--- START ---

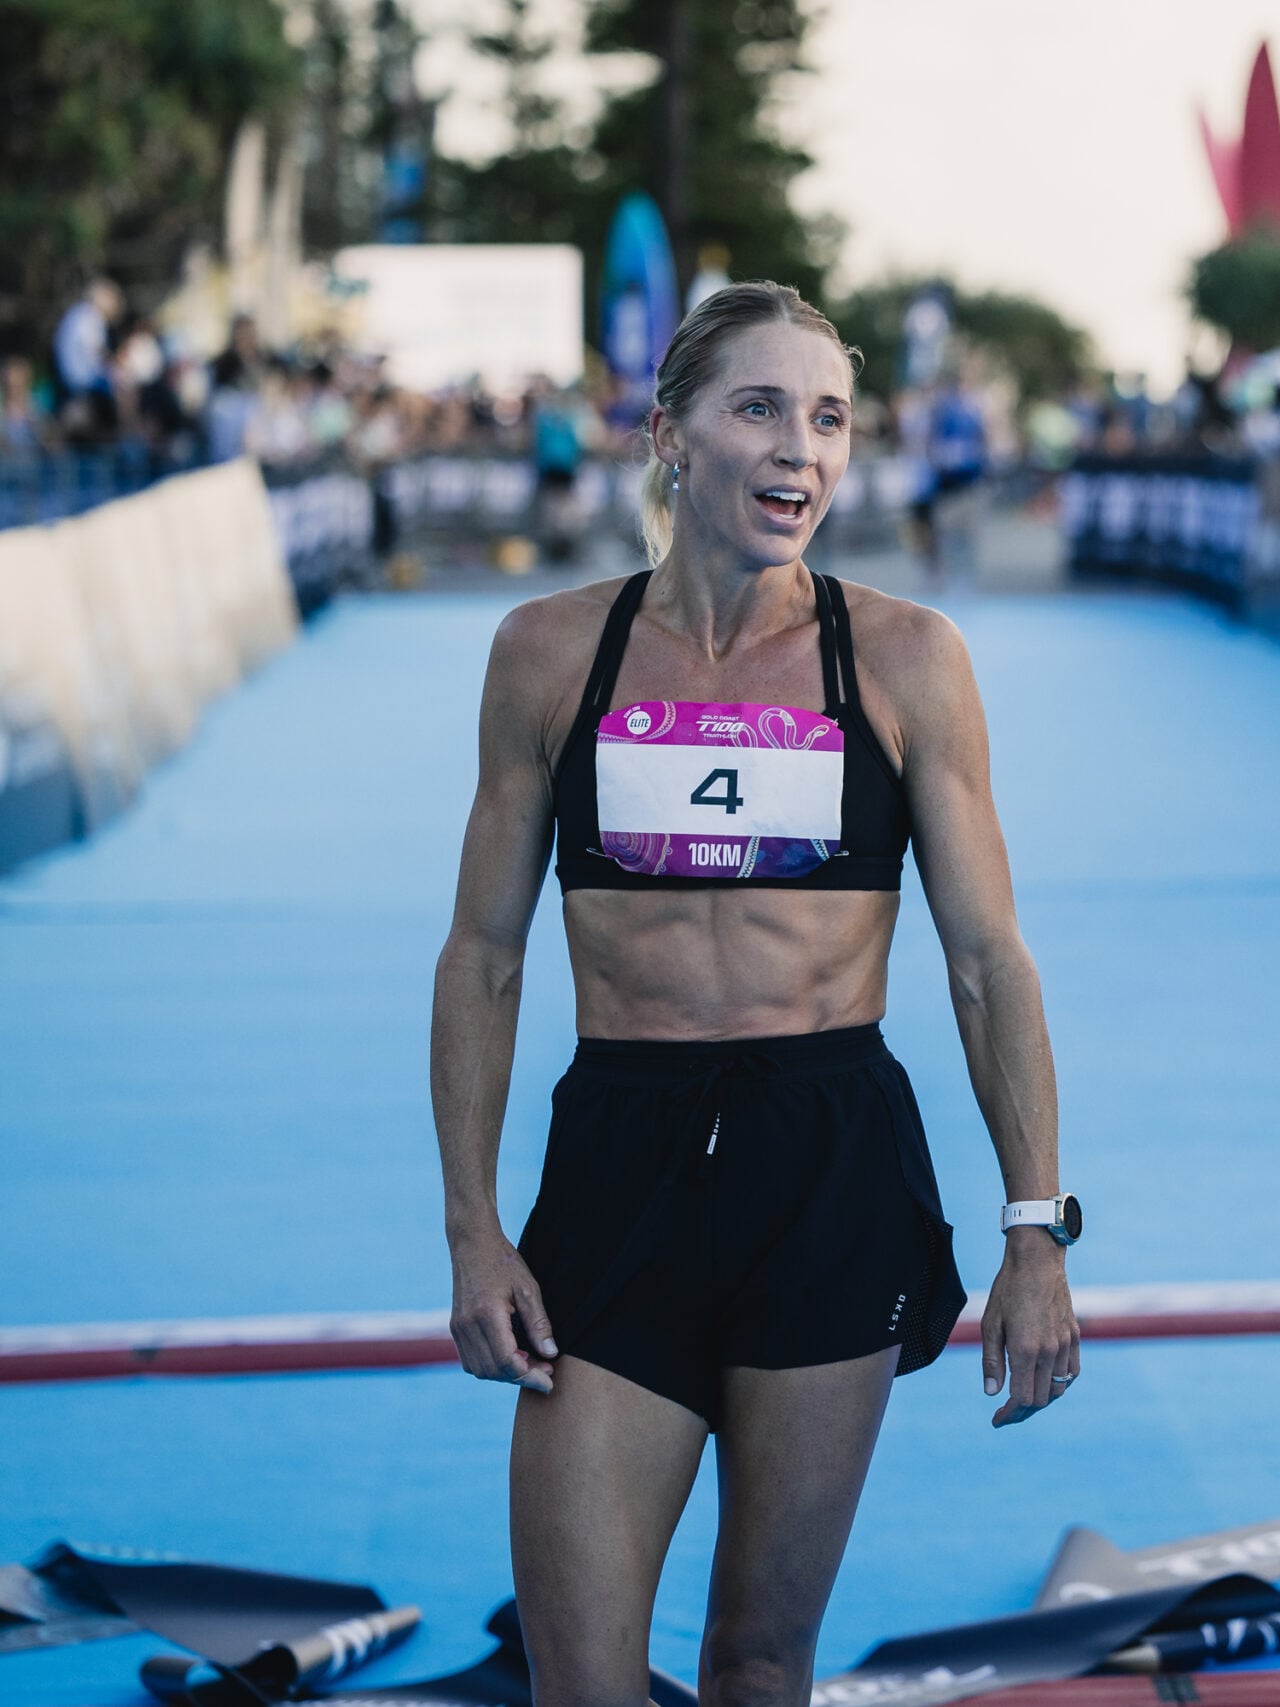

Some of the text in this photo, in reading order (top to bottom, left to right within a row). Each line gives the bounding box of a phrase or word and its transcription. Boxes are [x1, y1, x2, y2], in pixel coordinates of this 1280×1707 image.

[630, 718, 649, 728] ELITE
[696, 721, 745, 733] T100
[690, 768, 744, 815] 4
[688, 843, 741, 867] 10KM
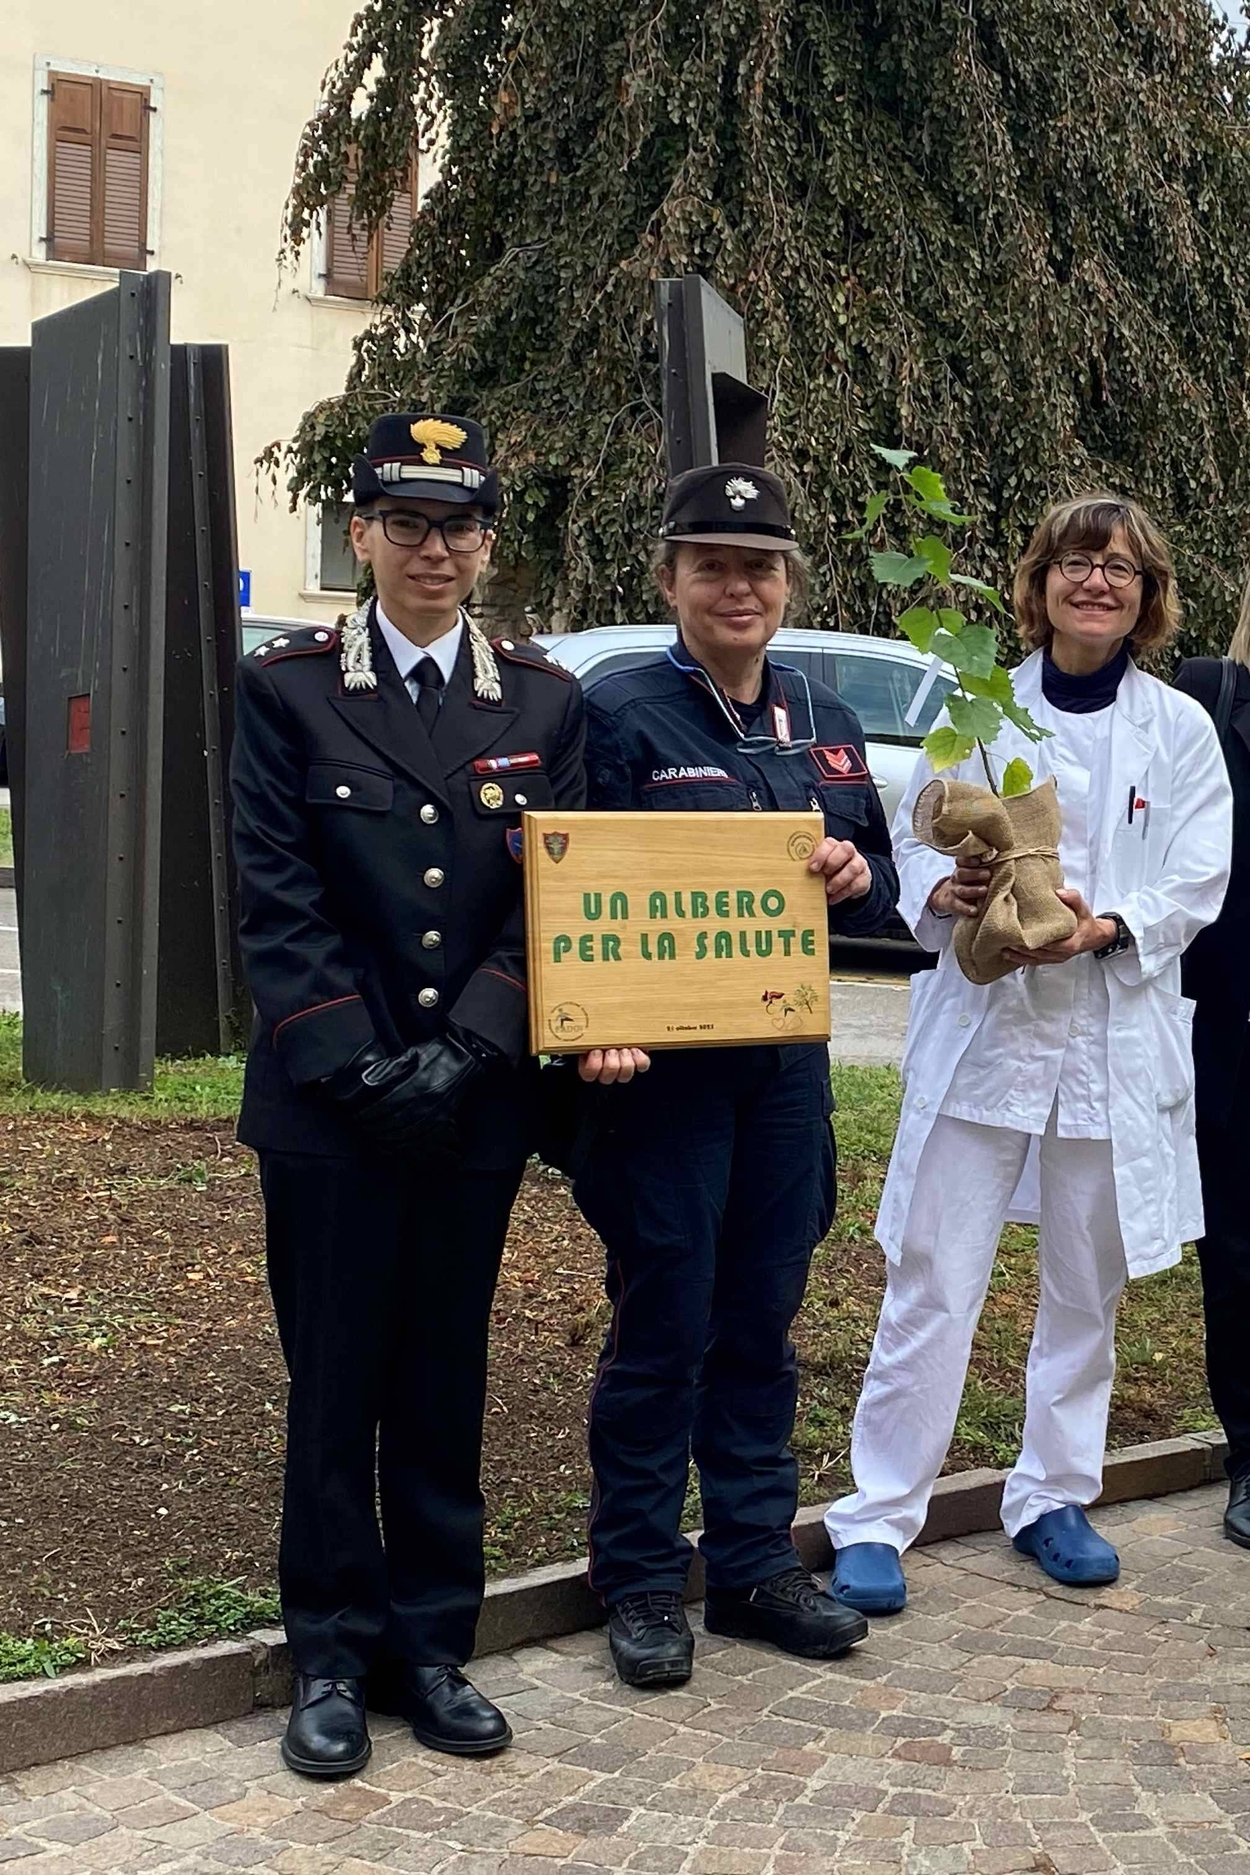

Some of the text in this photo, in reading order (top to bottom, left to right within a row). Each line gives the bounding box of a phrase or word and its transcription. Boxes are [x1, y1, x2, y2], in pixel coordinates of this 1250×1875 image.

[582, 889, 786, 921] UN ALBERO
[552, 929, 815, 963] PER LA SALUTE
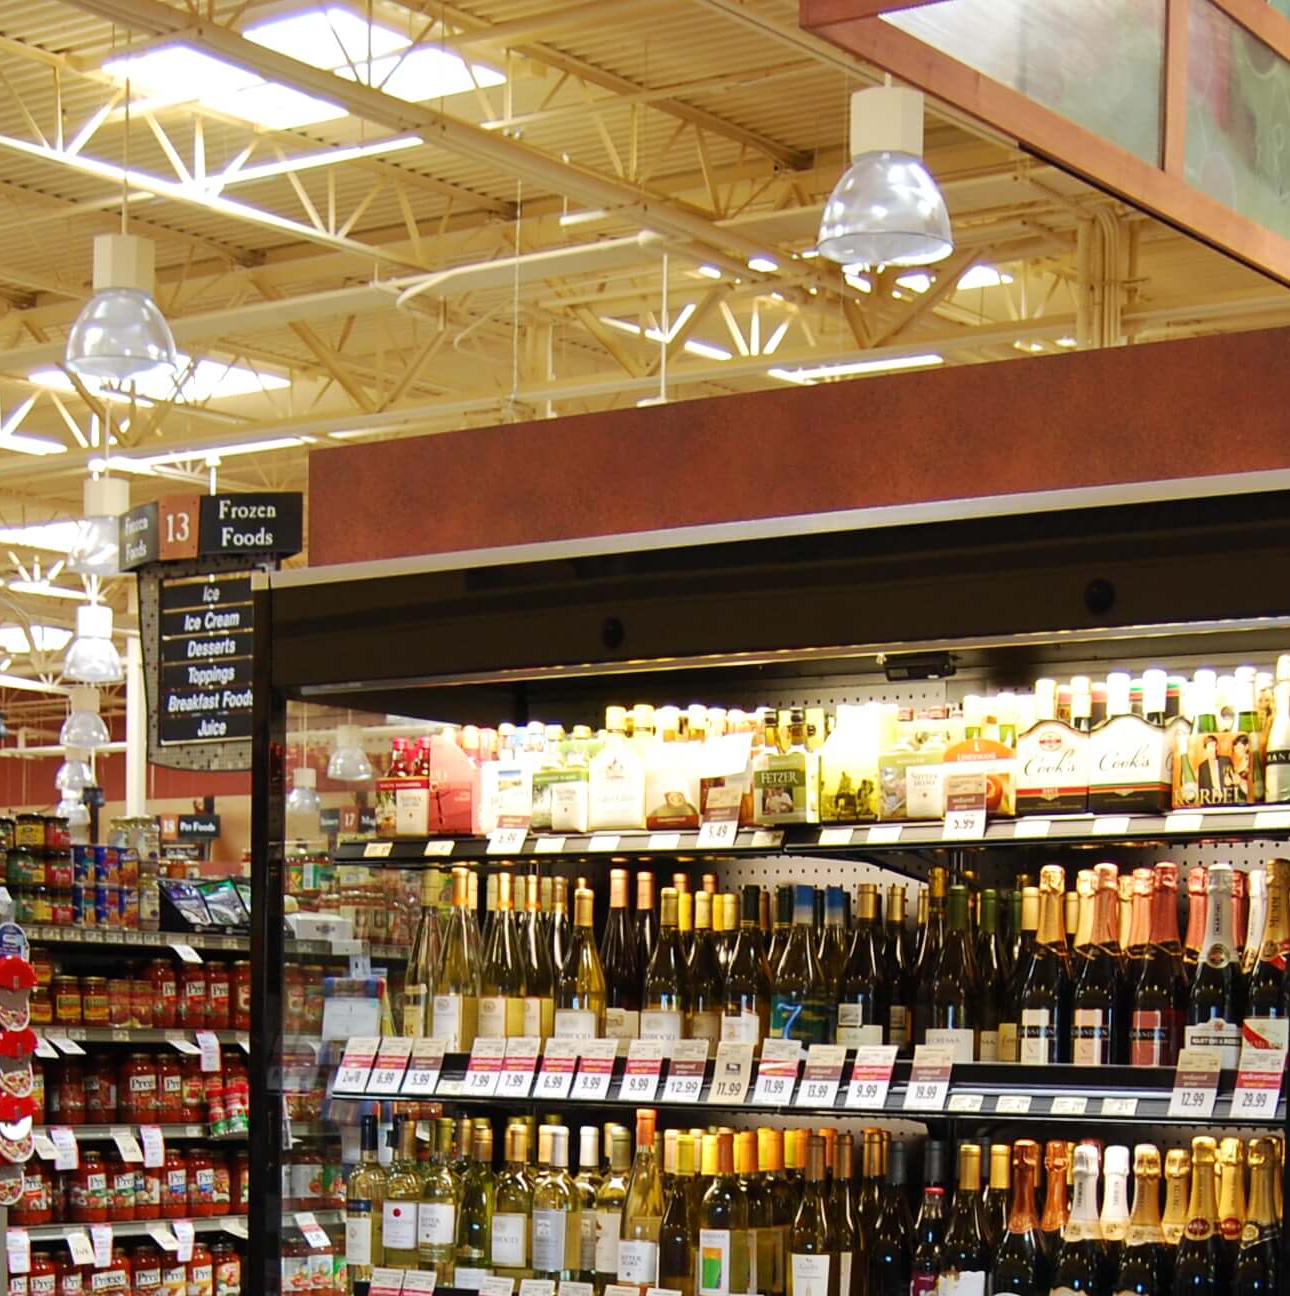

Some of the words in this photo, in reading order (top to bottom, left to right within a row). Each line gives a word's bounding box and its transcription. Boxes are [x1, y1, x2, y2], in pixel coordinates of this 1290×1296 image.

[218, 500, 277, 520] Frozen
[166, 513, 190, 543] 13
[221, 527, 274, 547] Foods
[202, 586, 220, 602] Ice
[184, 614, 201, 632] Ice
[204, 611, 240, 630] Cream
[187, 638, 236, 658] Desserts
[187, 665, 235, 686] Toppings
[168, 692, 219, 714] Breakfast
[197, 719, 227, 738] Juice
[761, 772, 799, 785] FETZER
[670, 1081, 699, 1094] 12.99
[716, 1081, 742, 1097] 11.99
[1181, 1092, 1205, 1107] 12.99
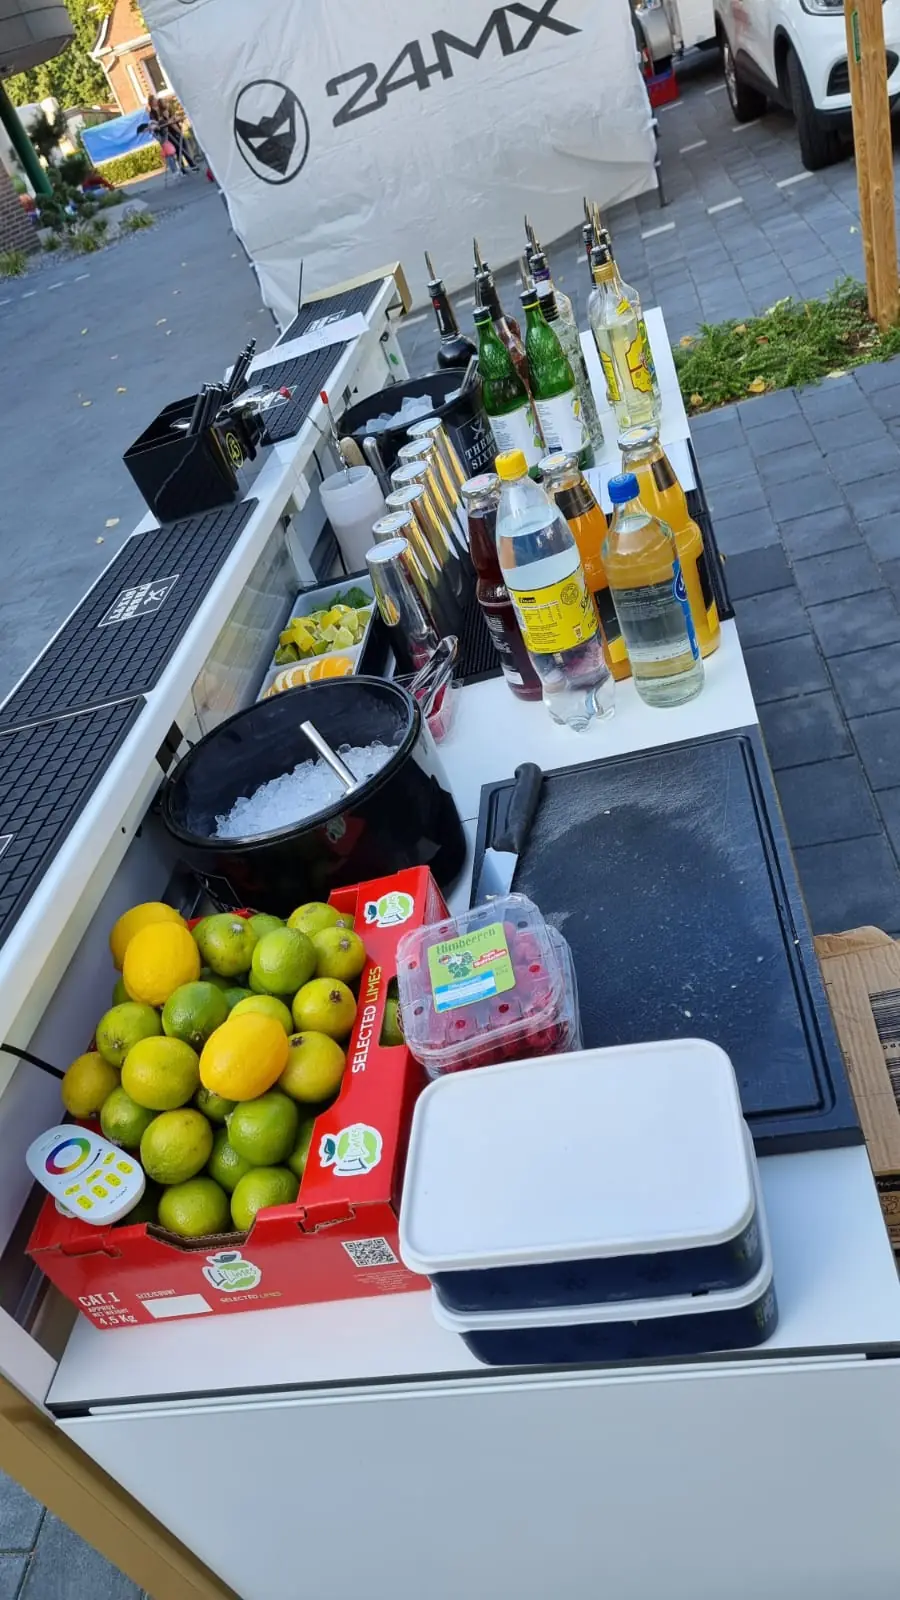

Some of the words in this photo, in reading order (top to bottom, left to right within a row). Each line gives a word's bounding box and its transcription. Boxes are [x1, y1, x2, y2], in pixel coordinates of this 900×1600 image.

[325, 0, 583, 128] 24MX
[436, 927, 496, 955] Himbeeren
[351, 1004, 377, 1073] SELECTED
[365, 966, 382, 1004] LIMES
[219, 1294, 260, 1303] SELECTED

--- END ---

* _What is expected_:
The lines from the one containing "this 1250×1875 image." to the final line of the material, both ends included, should be retyped exactly and alone, with no pictures.

* _Reply_:
Some of the text in this photo, in reading order (top to bottom, left to right within a row). Each line gives the bounding box of a phrase or word and its transcription. Boxes are [x1, y1, x2, y2], in pixel coordinates of this 1250×1875 image.

[582, 889, 786, 921] UN ALBERO
[552, 929, 815, 963] PER LA SALUTE

Some of the words in this photo, in reading order (top to bottom, left to right within a row). Each line gives a word's bounding box and its transcription. Boxes are [x1, y1, x2, y2], in pixel coordinates of this 1290×1296 image.

[218, 500, 277, 520] Frozen
[166, 513, 190, 543] 13
[221, 527, 274, 547] Foods
[202, 586, 220, 602] Ice
[184, 614, 201, 632] Ice
[204, 611, 240, 630] Cream
[187, 638, 236, 658] Desserts
[187, 665, 235, 686] Toppings
[168, 692, 219, 714] Breakfast
[197, 719, 227, 738] Juice
[761, 772, 799, 785] FETZER
[670, 1081, 699, 1094] 12.99
[716, 1081, 742, 1097] 11.99
[1181, 1092, 1205, 1107] 12.99

Some of the words in this photo, in reading order (top to bottom, left to right within a row). Each line gives a word's bounding box and its transcription. Boxes are [x1, y1, x2, y2], in pixel coordinates of this 900×1600 image.

[325, 0, 583, 128] 24MX
[436, 927, 496, 955] Himbeeren
[351, 1004, 377, 1073] SELECTED
[365, 966, 382, 1004] LIMES
[219, 1294, 260, 1303] SELECTED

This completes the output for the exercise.